> **RECORDS PROVIDED**
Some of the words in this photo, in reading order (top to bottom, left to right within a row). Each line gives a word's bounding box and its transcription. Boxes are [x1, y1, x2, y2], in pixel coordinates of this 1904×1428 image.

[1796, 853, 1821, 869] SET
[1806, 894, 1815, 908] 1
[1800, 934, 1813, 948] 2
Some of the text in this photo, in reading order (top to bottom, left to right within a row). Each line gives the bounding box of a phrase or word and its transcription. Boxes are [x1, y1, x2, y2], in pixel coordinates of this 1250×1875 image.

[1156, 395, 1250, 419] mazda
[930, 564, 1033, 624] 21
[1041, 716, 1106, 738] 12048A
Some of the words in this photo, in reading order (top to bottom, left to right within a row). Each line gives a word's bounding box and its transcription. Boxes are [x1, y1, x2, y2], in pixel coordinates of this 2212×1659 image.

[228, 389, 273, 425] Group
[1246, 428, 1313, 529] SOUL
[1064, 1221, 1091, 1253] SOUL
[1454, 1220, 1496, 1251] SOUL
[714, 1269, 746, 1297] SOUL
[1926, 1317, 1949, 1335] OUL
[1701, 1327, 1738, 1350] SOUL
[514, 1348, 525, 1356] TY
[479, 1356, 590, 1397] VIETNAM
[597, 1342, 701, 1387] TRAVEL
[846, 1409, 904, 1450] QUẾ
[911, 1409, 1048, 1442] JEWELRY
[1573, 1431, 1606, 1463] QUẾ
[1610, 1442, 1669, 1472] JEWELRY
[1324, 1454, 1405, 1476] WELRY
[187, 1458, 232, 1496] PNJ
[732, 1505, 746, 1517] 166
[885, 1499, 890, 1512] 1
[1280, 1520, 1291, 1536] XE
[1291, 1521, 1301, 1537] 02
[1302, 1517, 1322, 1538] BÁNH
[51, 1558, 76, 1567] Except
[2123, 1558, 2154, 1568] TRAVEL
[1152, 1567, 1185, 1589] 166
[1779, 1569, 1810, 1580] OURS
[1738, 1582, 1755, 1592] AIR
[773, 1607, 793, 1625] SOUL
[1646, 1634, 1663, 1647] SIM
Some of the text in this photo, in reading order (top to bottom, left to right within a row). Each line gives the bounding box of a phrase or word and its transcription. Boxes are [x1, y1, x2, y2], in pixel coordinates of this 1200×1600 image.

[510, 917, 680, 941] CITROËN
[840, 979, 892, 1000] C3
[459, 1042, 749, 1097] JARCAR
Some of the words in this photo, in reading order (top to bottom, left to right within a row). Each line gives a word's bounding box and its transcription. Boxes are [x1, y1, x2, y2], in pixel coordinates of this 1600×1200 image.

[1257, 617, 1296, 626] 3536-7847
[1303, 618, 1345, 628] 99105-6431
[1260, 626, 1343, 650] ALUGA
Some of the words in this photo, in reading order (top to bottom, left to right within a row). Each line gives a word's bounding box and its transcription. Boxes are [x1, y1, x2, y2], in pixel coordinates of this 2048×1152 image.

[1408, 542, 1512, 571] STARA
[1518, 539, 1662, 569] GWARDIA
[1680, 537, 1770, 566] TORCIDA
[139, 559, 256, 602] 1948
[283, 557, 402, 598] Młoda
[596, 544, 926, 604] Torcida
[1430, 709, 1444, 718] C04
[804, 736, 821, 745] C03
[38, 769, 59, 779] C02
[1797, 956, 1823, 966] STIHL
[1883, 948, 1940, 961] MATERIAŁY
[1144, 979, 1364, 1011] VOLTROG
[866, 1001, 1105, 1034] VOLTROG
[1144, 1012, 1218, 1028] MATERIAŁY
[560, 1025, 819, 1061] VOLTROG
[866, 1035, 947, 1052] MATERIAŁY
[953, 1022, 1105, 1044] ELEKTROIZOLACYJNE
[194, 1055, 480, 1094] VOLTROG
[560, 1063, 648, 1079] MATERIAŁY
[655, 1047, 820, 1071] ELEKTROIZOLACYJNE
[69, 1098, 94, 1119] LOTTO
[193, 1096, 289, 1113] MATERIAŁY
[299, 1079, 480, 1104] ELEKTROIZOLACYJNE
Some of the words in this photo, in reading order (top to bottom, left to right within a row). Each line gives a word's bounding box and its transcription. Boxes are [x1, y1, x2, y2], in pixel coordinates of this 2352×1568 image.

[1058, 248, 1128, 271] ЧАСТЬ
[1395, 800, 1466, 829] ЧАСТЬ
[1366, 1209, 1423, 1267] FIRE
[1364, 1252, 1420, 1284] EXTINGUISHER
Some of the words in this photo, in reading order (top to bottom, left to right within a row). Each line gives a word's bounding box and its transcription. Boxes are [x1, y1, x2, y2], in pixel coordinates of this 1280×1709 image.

> **PROBLEM TO SOLVE**
Please output all the lines above exactly as given.

> **TASK SOLUTION**
Some of the words in this photo, in reading order (top to bottom, left to right within a row). Each line gives a word's bounding box and its transcription. Boxes are [x1, y1, x2, y2], in pixel coordinates of this 1904×1428 image.

[1796, 853, 1821, 869] SET
[1806, 894, 1815, 908] 1
[1800, 934, 1813, 948] 2
Some of the text in this photo, in reading order (top to bottom, left to right within a row). Each line gives the bounding box of a phrase or word and its transcription. Boxes are [x1, y1, x2, y2], in pixel coordinates of this 1250×1875 image.

[1156, 395, 1250, 419] mazda
[930, 564, 1033, 624] 21
[1041, 716, 1106, 738] 12048A
Some of the words in this photo, in reading order (top to bottom, left to right within a row). Each line gives a word's bounding box and its transcription. Boxes are [x1, y1, x2, y2], in pixel coordinates of this 2212×1659 image.

[228, 389, 273, 425] Group
[1246, 428, 1313, 529] SOUL
[1064, 1221, 1091, 1253] SOUL
[1454, 1220, 1496, 1251] SOUL
[714, 1269, 746, 1297] SOUL
[1926, 1317, 1949, 1335] OUL
[1701, 1327, 1738, 1350] SOUL
[514, 1348, 525, 1356] TY
[479, 1356, 590, 1397] VIETNAM
[597, 1342, 701, 1387] TRAVEL
[846, 1409, 904, 1450] QUẾ
[911, 1409, 1048, 1442] JEWELRY
[1573, 1431, 1606, 1463] QUẾ
[1610, 1442, 1669, 1472] JEWELRY
[1324, 1454, 1405, 1476] WELRY
[187, 1458, 232, 1496] PNJ
[732, 1505, 746, 1517] 166
[885, 1499, 890, 1512] 1
[1280, 1520, 1291, 1536] XE
[1291, 1521, 1301, 1537] 02
[1302, 1517, 1322, 1538] BÁNH
[51, 1558, 76, 1567] Except
[2123, 1558, 2154, 1568] TRAVEL
[1152, 1567, 1185, 1589] 166
[1779, 1569, 1810, 1580] OURS
[1738, 1582, 1755, 1592] AIR
[773, 1607, 793, 1625] SOUL
[1646, 1634, 1663, 1647] SIM
Some of the text in this photo, in reading order (top to bottom, left to right within a row). Each line gives the bounding box of a phrase or word and its transcription. Boxes are [x1, y1, x2, y2], in pixel coordinates of this 1200×1600 image.

[510, 917, 680, 941] CITROËN
[840, 979, 892, 1000] C3
[459, 1042, 749, 1097] JARCAR
Some of the words in this photo, in reading order (top to bottom, left to right within a row). Each line gives a word's bounding box and its transcription. Boxes are [x1, y1, x2, y2], in pixel coordinates of this 1600×1200 image.

[1257, 617, 1296, 626] 3536-7847
[1303, 618, 1345, 628] 99105-6431
[1260, 626, 1343, 650] ALUGA
Some of the words in this photo, in reading order (top to bottom, left to right within a row). Each line gives a word's bounding box and its transcription. Boxes are [x1, y1, x2, y2], in pixel coordinates of this 2048×1152 image.

[1408, 542, 1512, 571] STARA
[1518, 539, 1662, 569] GWARDIA
[1680, 537, 1770, 566] TORCIDA
[139, 559, 256, 602] 1948
[283, 557, 402, 598] Młoda
[596, 544, 926, 604] Torcida
[1430, 709, 1444, 718] C04
[804, 736, 821, 745] C03
[38, 769, 59, 779] C02
[1797, 956, 1823, 966] STIHL
[1883, 948, 1940, 961] MATERIAŁY
[1144, 979, 1364, 1011] VOLTROG
[866, 1001, 1105, 1034] VOLTROG
[1144, 1012, 1218, 1028] MATERIAŁY
[560, 1025, 819, 1061] VOLTROG
[866, 1035, 947, 1052] MATERIAŁY
[953, 1022, 1105, 1044] ELEKTROIZOLACYJNE
[194, 1055, 480, 1094] VOLTROG
[560, 1063, 648, 1079] MATERIAŁY
[655, 1047, 820, 1071] ELEKTROIZOLACYJNE
[69, 1098, 94, 1119] LOTTO
[193, 1096, 289, 1113] MATERIAŁY
[299, 1079, 480, 1104] ELEKTROIZOLACYJNE
Some of the words in this photo, in reading order (top to bottom, left to right within a row). Each line gives a word's bounding box and its transcription. Boxes are [x1, y1, x2, y2], in pixel coordinates of this 2352×1568 image.

[1058, 248, 1128, 271] ЧАСТЬ
[1395, 800, 1466, 829] ЧАСТЬ
[1366, 1209, 1423, 1267] FIRE
[1364, 1252, 1420, 1284] EXTINGUISHER
Some of the words in this photo, in reading order (top to bottom, left to right within a row). Each line gives a word's bounding box and its transcription. Boxes are [x1, y1, x2, y2], in pixel coordinates of this 1280×1709 image.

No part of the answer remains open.